Inequality in the geographical distribution of general practitioners in England and Wales 1974-1995.

Author information

1
National Primary Care Research and Development Centre, Centre for Health Economics, University of York, Heslington, York YO1 5DD, UK.

Abstract

OBJECTIVES:

To compare geographical inequality in the distribution of general practitioners (GPs), other resources and mortality around 1995 in England and Wales; to measure trends between 1974 and 1995 in inequality of GP distribution; to examine the implications of different need adjustments and inequality measures on the degree of geographic inequality; and to analyse the impact of policies (increased supply, area inducements and entry regulation) on inequality.

METHODS:

Measurement of relative inequality (decile ratio, Gini coefficient, Atkinson index) and absolute inequality (standard deviation) in the ratio of GPs to need-adjusted population in former Family Practitioner Committee/Family Health Services Authority areas each year from 1974 to 1995; and relative inequality across areas in the distributions of income, other resources and standardised mortality ratios (SMRs) around 1995. Regression of 1995 GP/population ratios on 1974 ratios. Application of equalising net advantages location model to GP distribution.

RESULTS:

Inequality in the distribution of GPs in 1995 was less than inequality in other primary care resources, but greater than inequalities in disposable income, SMRs, primary school expenditure, and hospital and community health services expenditure.
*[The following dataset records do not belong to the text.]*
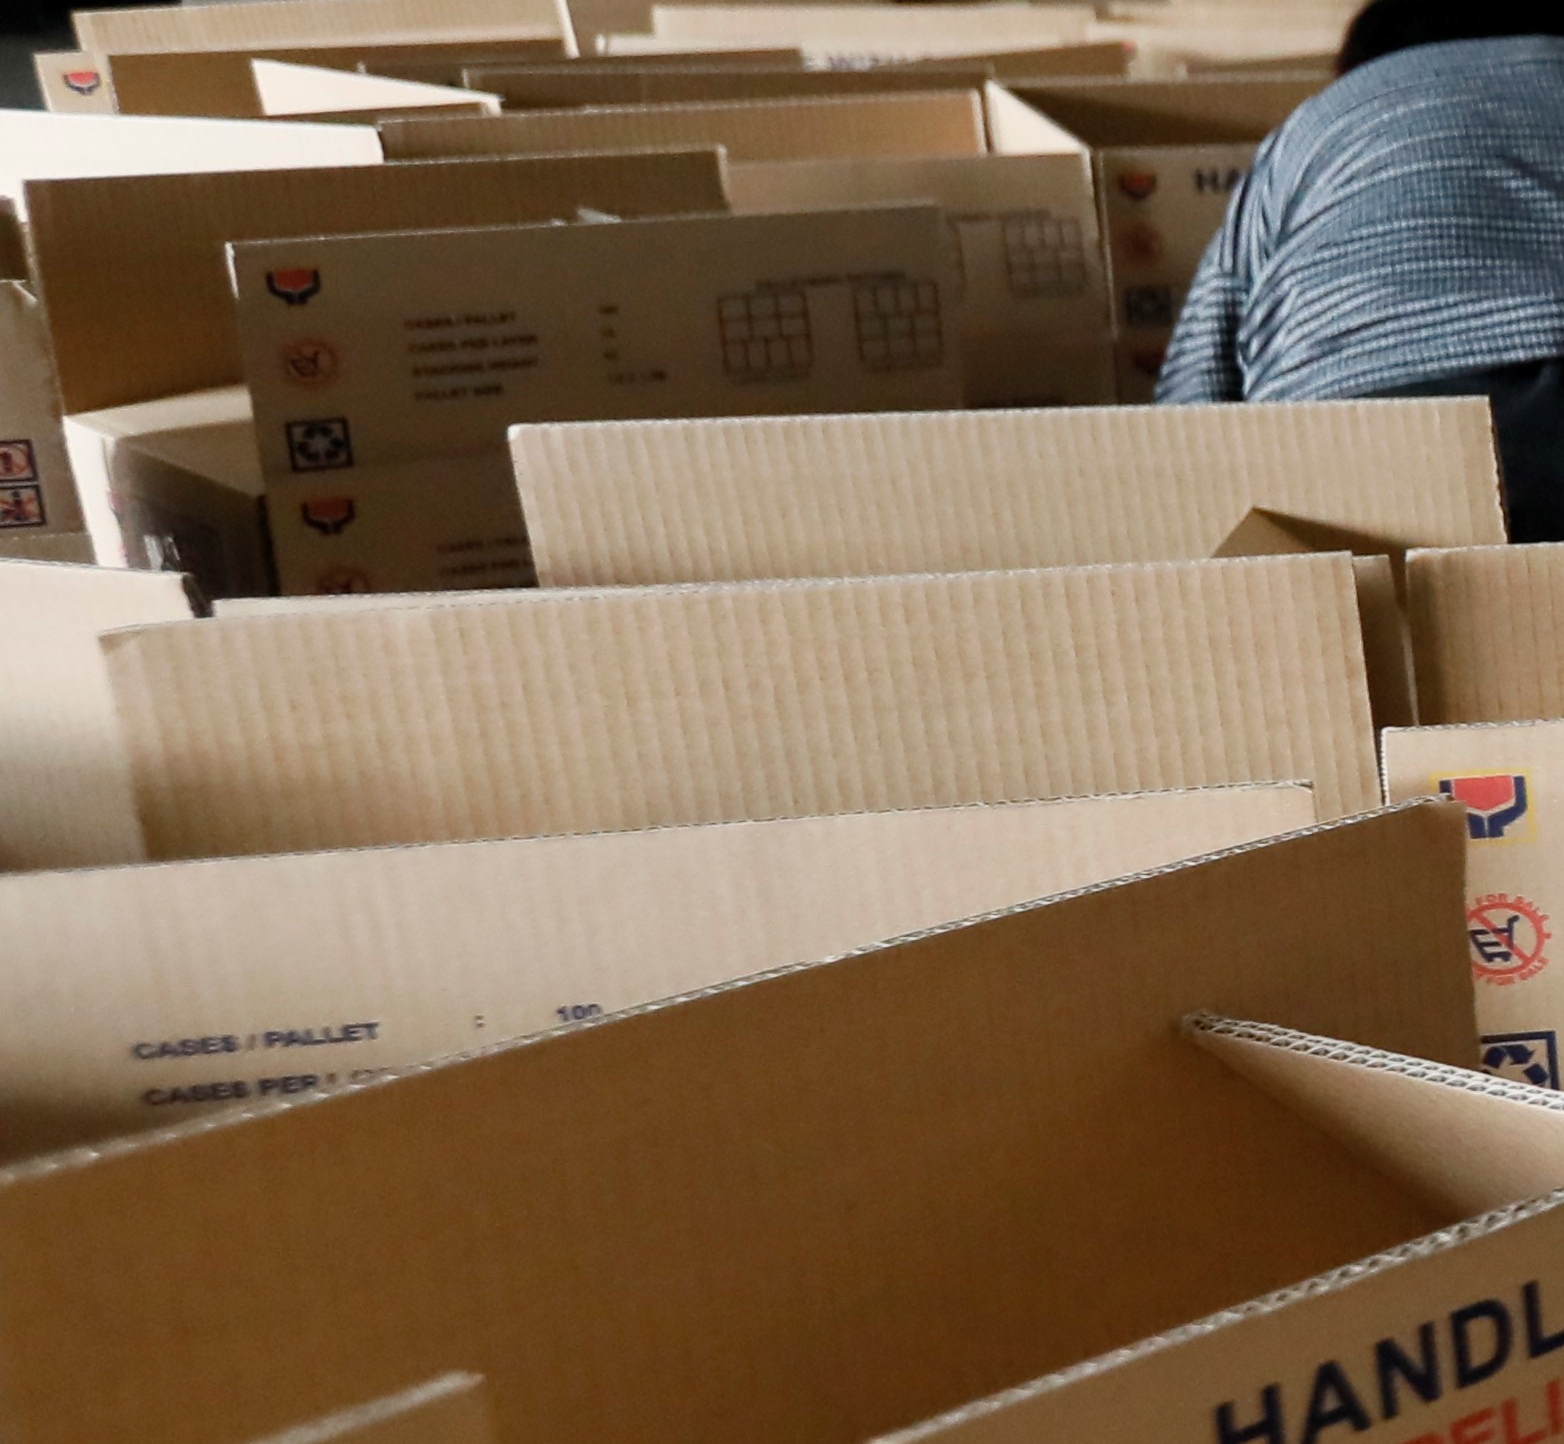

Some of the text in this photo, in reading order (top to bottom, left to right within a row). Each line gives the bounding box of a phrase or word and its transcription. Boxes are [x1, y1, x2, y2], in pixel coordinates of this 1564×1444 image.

[131, 1020, 379, 1061] CASES PALLET
[142, 1073, 319, 1107] CASES PER
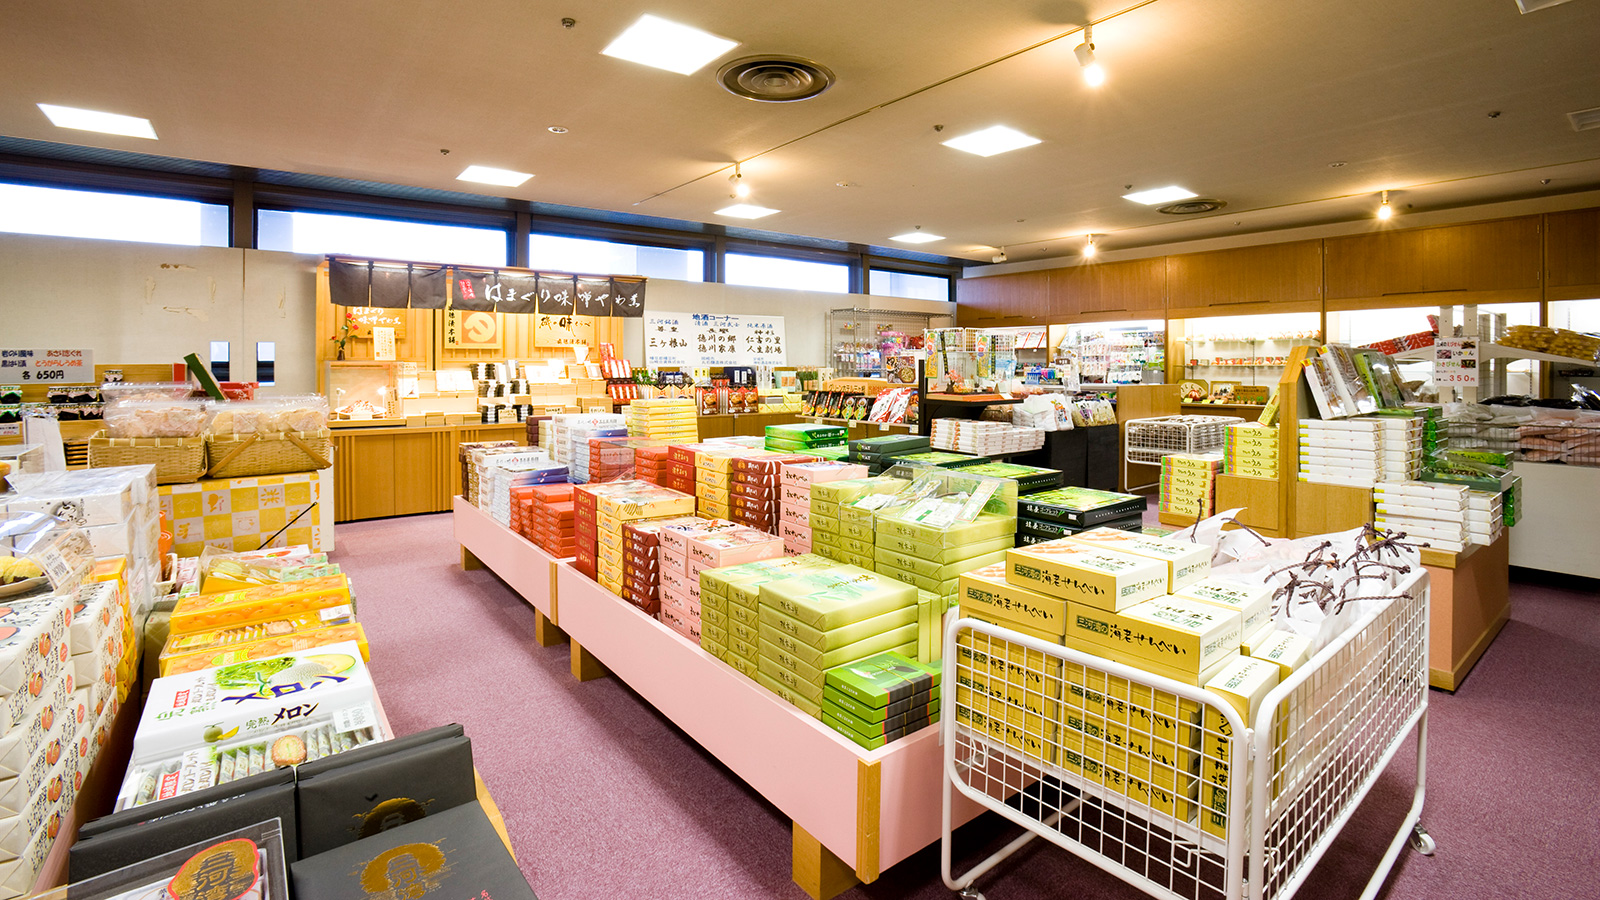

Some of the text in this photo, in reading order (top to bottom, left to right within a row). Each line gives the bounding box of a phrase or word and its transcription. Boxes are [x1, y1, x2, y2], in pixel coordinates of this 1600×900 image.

[692, 313, 740, 321] 地酒コーナー
[697, 333, 737, 343] 徳川の郷
[697, 343, 737, 353] 徳川家康
[746, 345, 783, 354] 人生劇場
[22, 370, 65, 380] 各 650円
[271, 702, 320, 726] メロン
The decile ratio shows little change between 1974 and 1995. Gini and Atkinson inequality indices indicate some reduction in inequality between 1974 and 1980, but little change thereafter. The standard deviation of need-adjusted provision increased over the period. Areas that had the lowest GP provision in 1974 tended to have the lowest in 1995.

CONCLUSIONS:

The choice between relative and absolute inequality measures and, to a lesser extent, the method of adjusting for need affect conclusions about the trend in inequality. Both types of measure and most need adjustments suggest that the policies adopted did not lead to a reduction in inequality over the period. Interactions between policies may reduce their overall effectiveness.

PMID:
11219363
DOI:
10.1258/1355819011927143
[Indexed for MEDLINE]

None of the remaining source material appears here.